Stored data entries
********

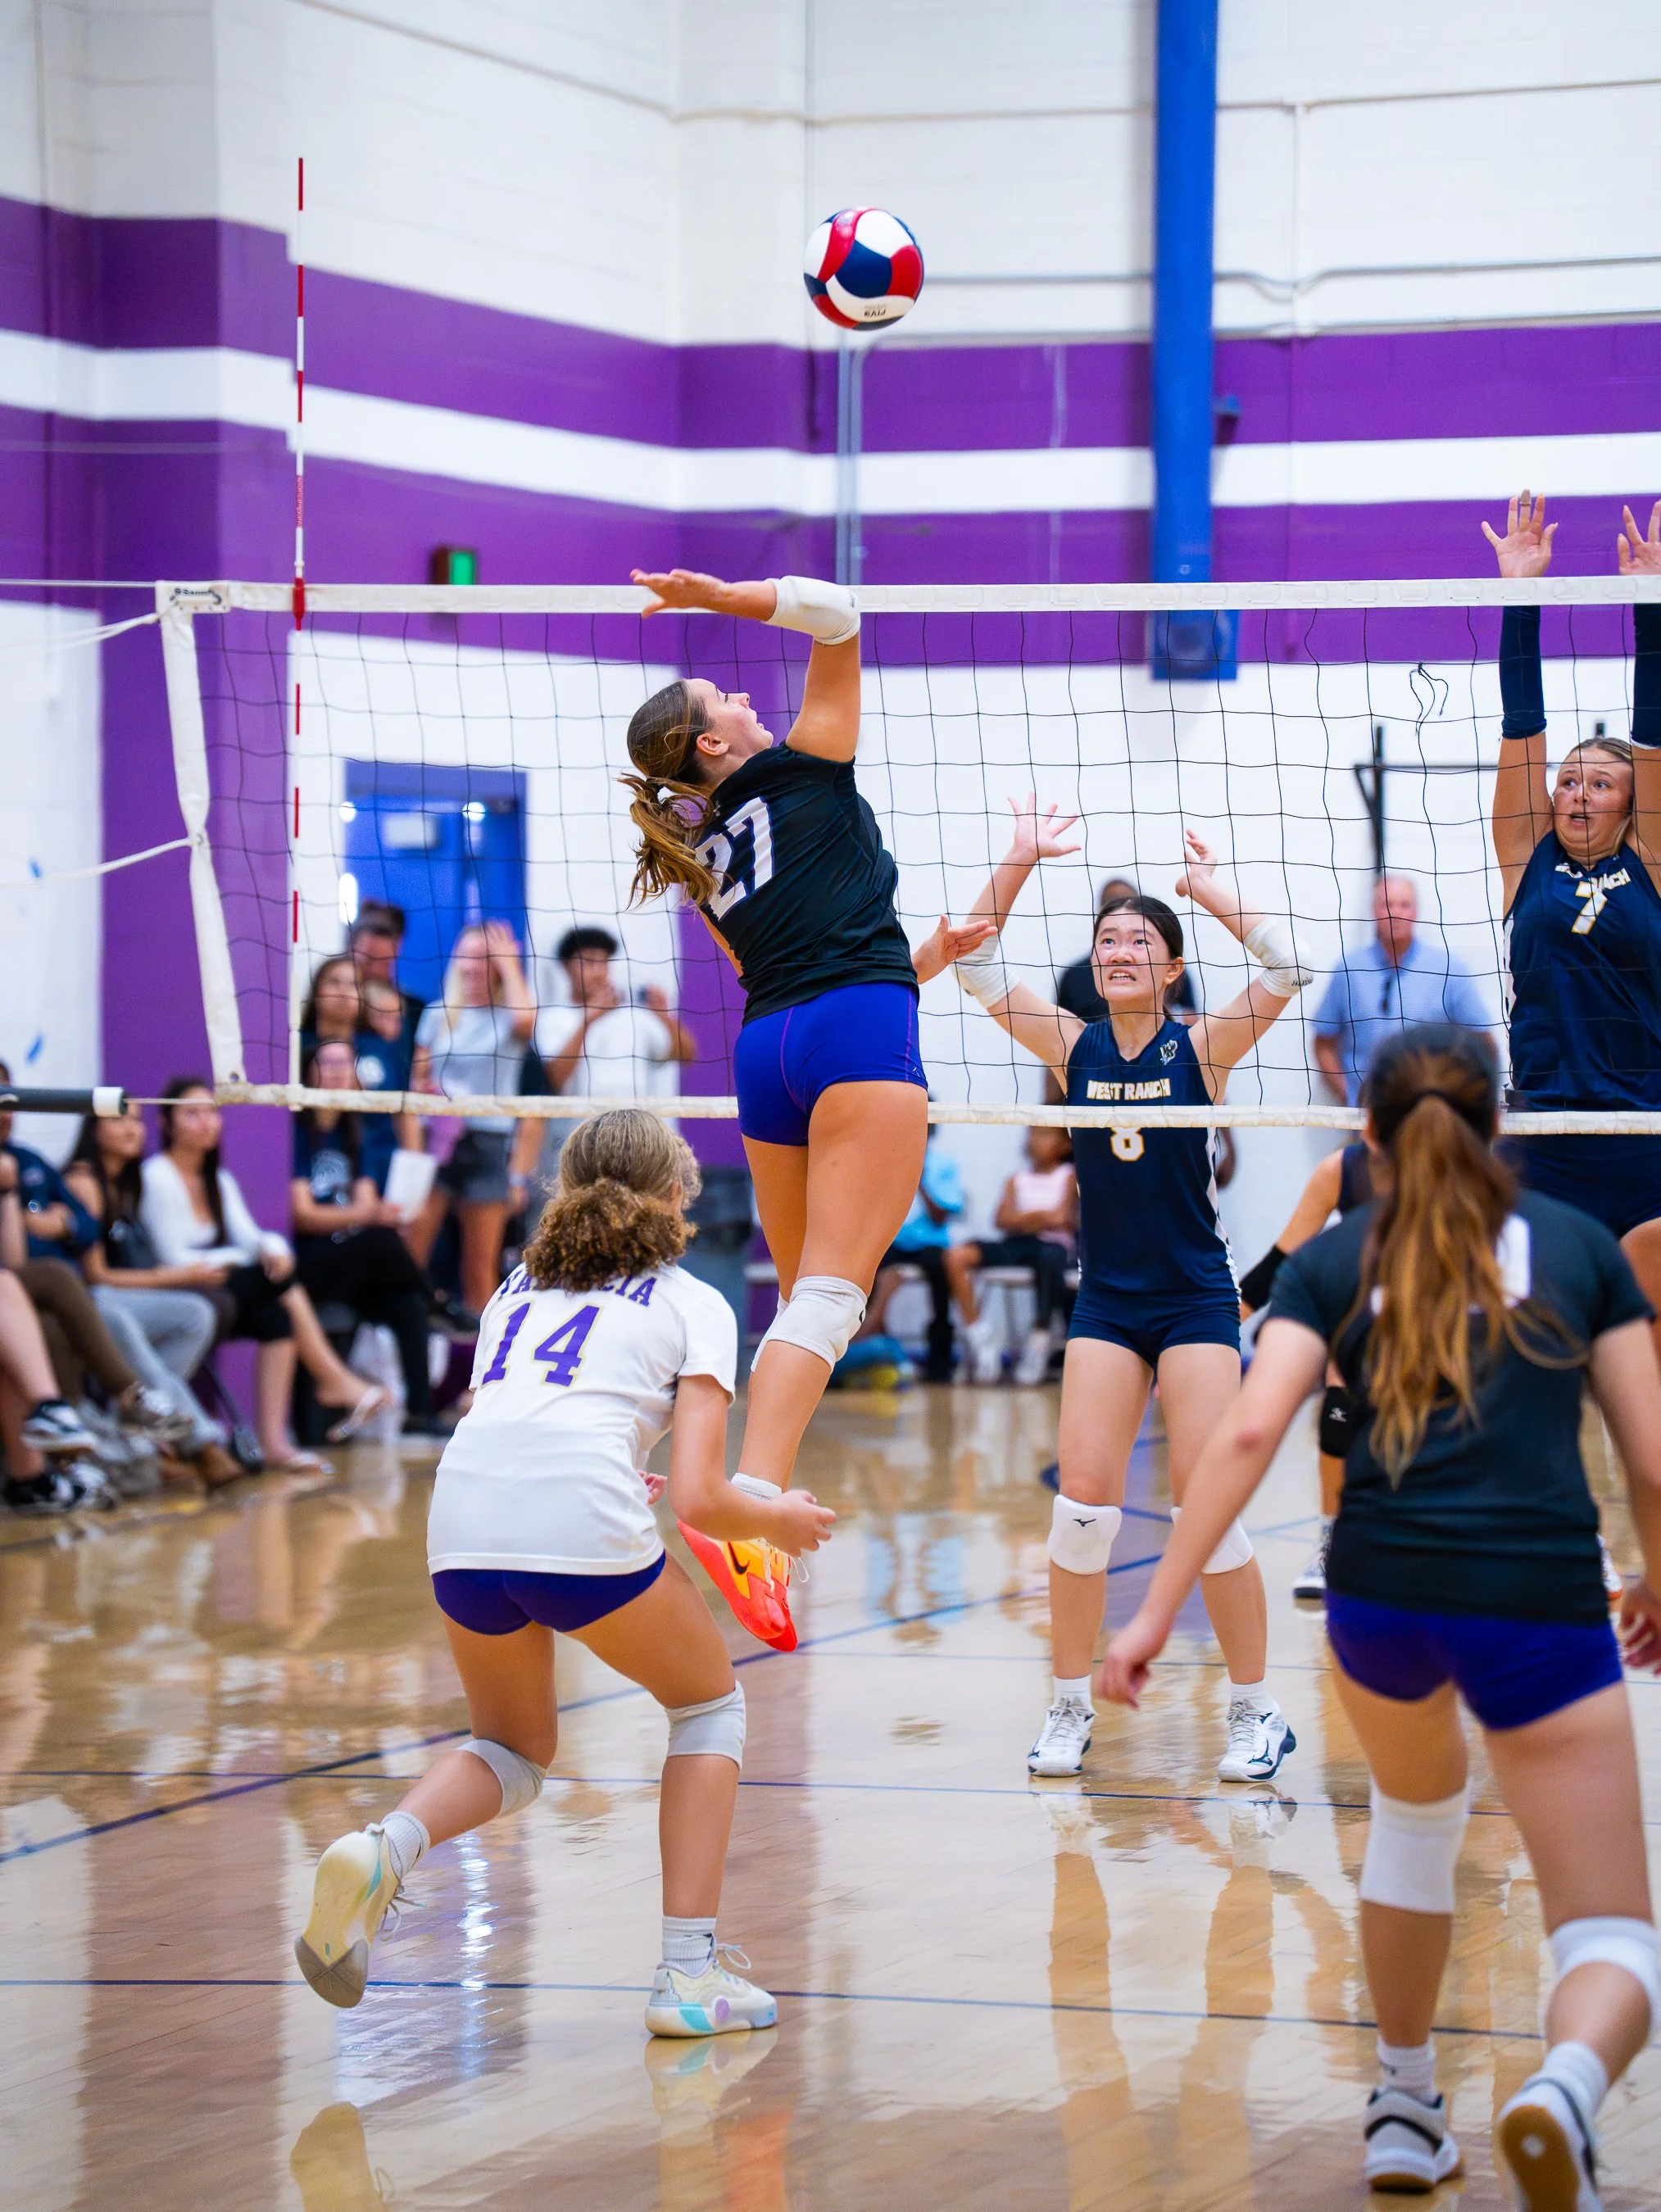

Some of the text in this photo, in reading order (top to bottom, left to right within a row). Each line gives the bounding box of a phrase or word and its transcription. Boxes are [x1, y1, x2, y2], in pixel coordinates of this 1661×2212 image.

[695, 796, 773, 922] 27
[1571, 881, 1609, 936] 7
[1087, 1077, 1171, 1101] WEST RANCH
[481, 1301, 602, 1388] 14

********

▸ Problem statement: Without the pictures, write out every line above exactly as it appears.

▸ Expected answer:
Some of the text in this photo, in reading order (top to bottom, left to right within a row). Each line gives the bounding box of a phrase or word and its transcription. Boxes are [x1, y1, x2, y2], in pixel coordinates of this 1661×2212 image.

[695, 796, 773, 922] 27
[1571, 881, 1609, 936] 7
[1087, 1077, 1171, 1101] WEST RANCH
[481, 1301, 602, 1388] 14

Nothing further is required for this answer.